GOSUB (CODE A$(A)-25)*100

This translates a character’s ASCII code into a subroutine line number. For example, the space character (ASCII 32) gives (32−25)×100 = 700, which is the subroutine for the letter corresponding to that slot. The mapping is:

CharacterASCIIFormula resultSubroutine
!33800line 800
34900line 900
0–948–572300–3200lines 2300–3200
A–Z65–904000–6500(not all present)

In practice, examining the subroutines present (200 through 3803), the covered range maps to punctuation and digits. The letter subroutines starting at line 200 correspond to the . character (ASCII 46, giving (46−25)×100 = 2100), and so on. The actual character set rendered covers roughly . through Z in ASCII order, one subroutine per character.
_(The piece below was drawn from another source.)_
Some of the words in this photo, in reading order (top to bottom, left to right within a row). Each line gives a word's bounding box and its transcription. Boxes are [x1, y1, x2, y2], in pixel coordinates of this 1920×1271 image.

Layout and Cursor Management

Two variables, X and Y, track the current glyph position on screen. Each glyph occupies a 3×3 block-graphics cell. After drawing each character, Y is incremented by 3 (line 70). When Y reaches 30 — the right edge of the 32-column display at this granularity — it wraps to 0 and X advances by 3 (lines 80–83), moving down to the next row of glyphs. This allows up to 10 glyphs per row and multiple rows.

Input Filtering

Lines 40 and 50 handle character filtering:

  • Line 40 skips space characters entirely (GOTO 70 advances Y without drawing).
  • Line 50 skips any character with ASCII code below . (46) but above space (32) — i.e., punctuation characters ! through - — by executing NEXT A directly, skipping both the GOSUB and the Y-advance. This means those characters are silently ignored rather than advancing the cursor.

Note that line 50’s skip via NEXT A bypasses the Y-increment at line 70, so ignored characters do not consume layout space, which may or may not be the intended behaviour.
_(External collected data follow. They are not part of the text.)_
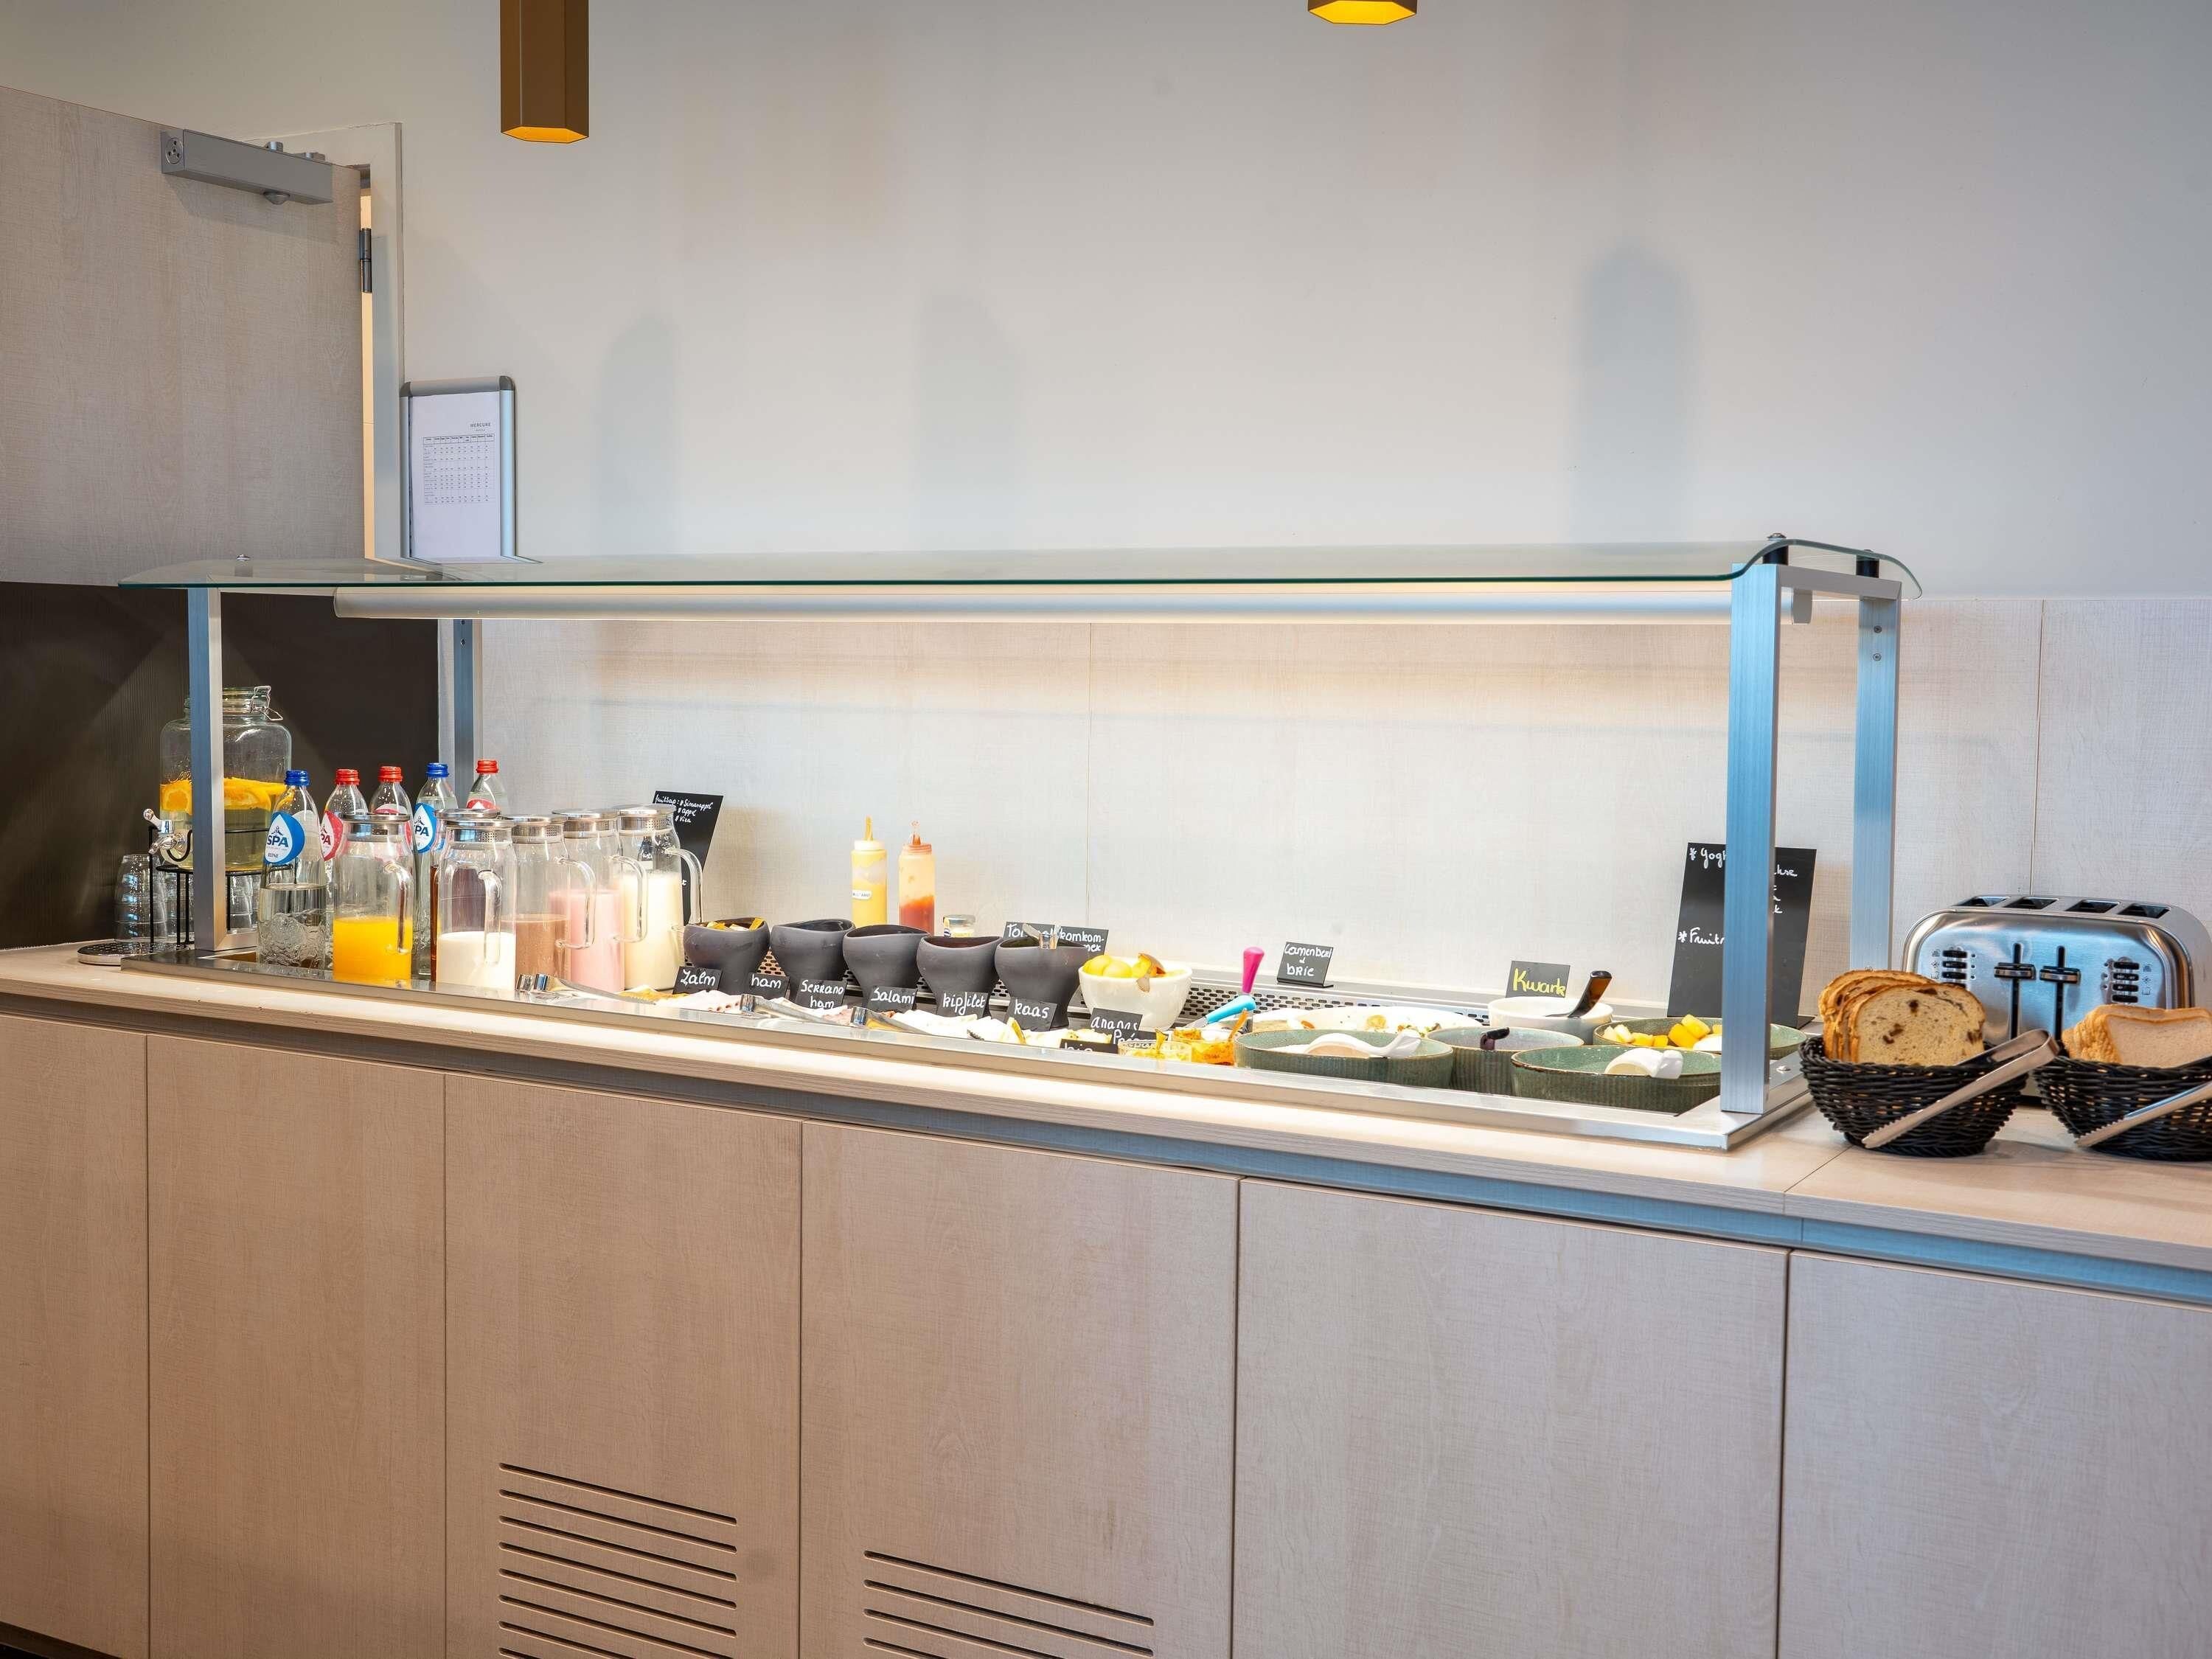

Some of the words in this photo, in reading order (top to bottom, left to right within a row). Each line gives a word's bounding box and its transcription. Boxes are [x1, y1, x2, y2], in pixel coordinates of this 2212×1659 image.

[414, 824, 429, 836] PA
[267, 835, 289, 848] SPA
[320, 833, 331, 845] PA
[751, 973, 782, 989] ham
[810, 995, 835, 1008] ham
[871, 987, 916, 1004] Salami
Glyph Rendering with Block Graphics

Each glyph subroutine uses two or three PRINT AT X+row, Y+col; "..." statements. The strings contain ZX Spectrum block graphic characters (codes 128–143), which each encode a 2×2 pixel pattern within a single character cell. By combining these, each glyph is rendered at approximately 6×6 pixel resolution across a 3-row, 3-column region of the text screen.
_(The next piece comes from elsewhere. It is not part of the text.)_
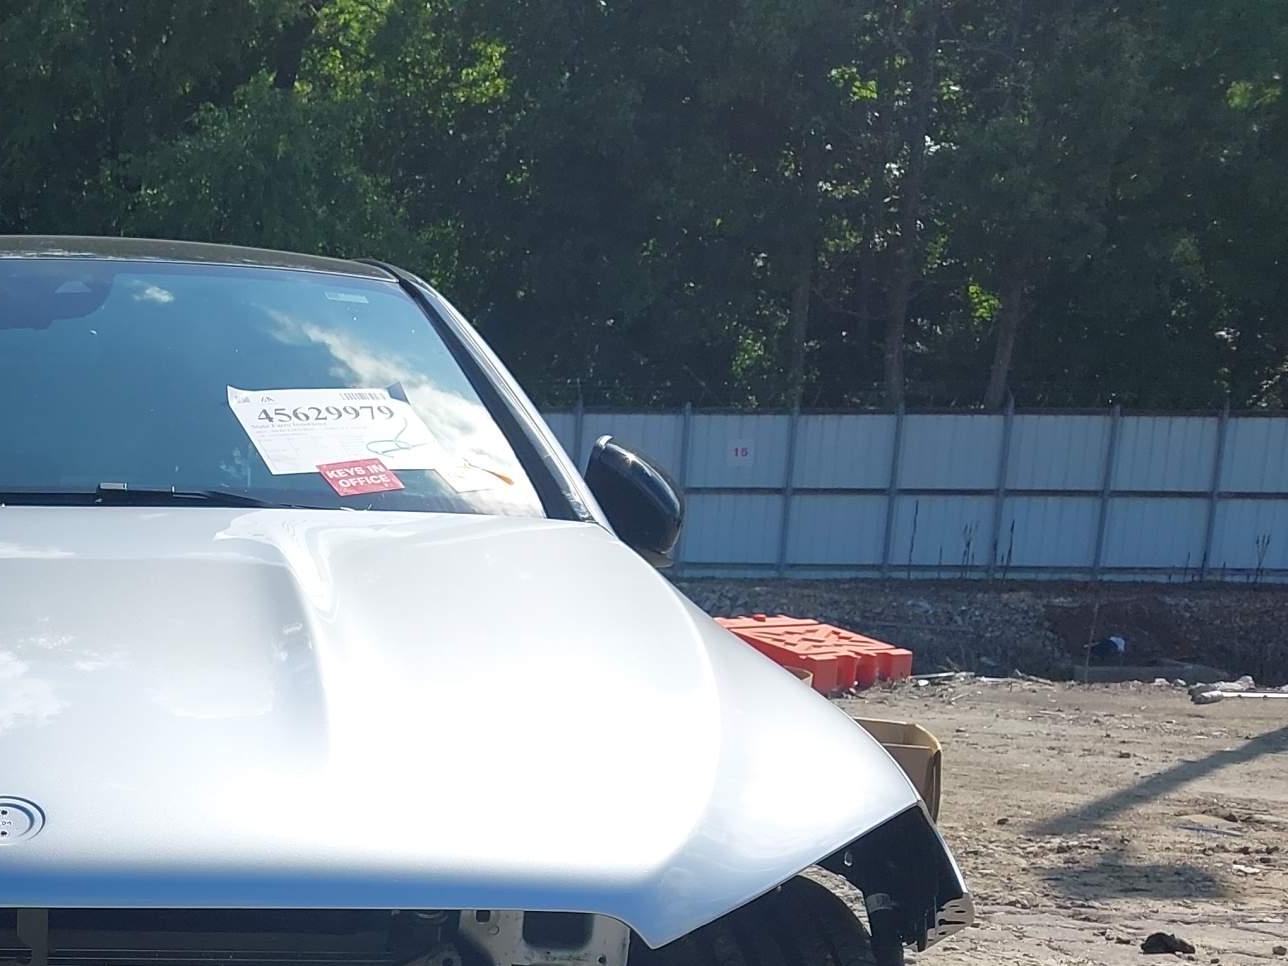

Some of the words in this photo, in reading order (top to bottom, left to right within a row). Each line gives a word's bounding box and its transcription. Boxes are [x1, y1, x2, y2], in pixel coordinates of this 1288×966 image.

[257, 405, 395, 423] 45629979
[326, 466, 366, 479] KEYS
[367, 463, 386, 474] IN
[338, 474, 391, 488] OFFICE
Some glyphs use offset column positions (e.g., PRINT AT X+2,Y+1) to handle narrower characters such as 1, I, and !.

Notable Techniques

  • Computed GOSUB: Using an arithmetic expression as the GOSUB target is an efficient alternative to a long IF-THEN chain for character dispatch.
  • Input loop: After rendering, lines 91–93 wait for another INPUT, clear the screen with CLS, then RUN restarts the program, resetting X and Y to zero for a fresh display.
  • Title in REMs: Lines 10–12 display a bordered title “ZX-TYPER” using inverse-video characters purely as documentation/display in the program listing.
  • String length cap: Line 24 clamps input to 70 characters, preventing the layout loop from overrunning screen bounds.

Anomalies and Notes

  • Line 1400 skips from statement 1400 to 1402 — line 1401 is absent. This is harmless as subroutine execution falls through sequentially, but the missing line number is unusual.
  • The Y=30 wrap condition (line 80) allows 10 three-column glyphs per row (columns 0, 3, 6, …, 27), but with the 3-column glyph width the last glyph starts at column 27 and prints up to column 29, fitting within the 32-column display.
  • Lines 3810–3820 (SAVE "1010%3" followed by RUN) appear at the end of the glyph table and are not part of the normal execution flow; they are used to save the program.
  • The author credit appears as an inverse-video REM at line 9999: “RYAN GRAY”.

Content

Appears On

Assembled by Tim Ward from many sources. Contains programs 10051 – 10121.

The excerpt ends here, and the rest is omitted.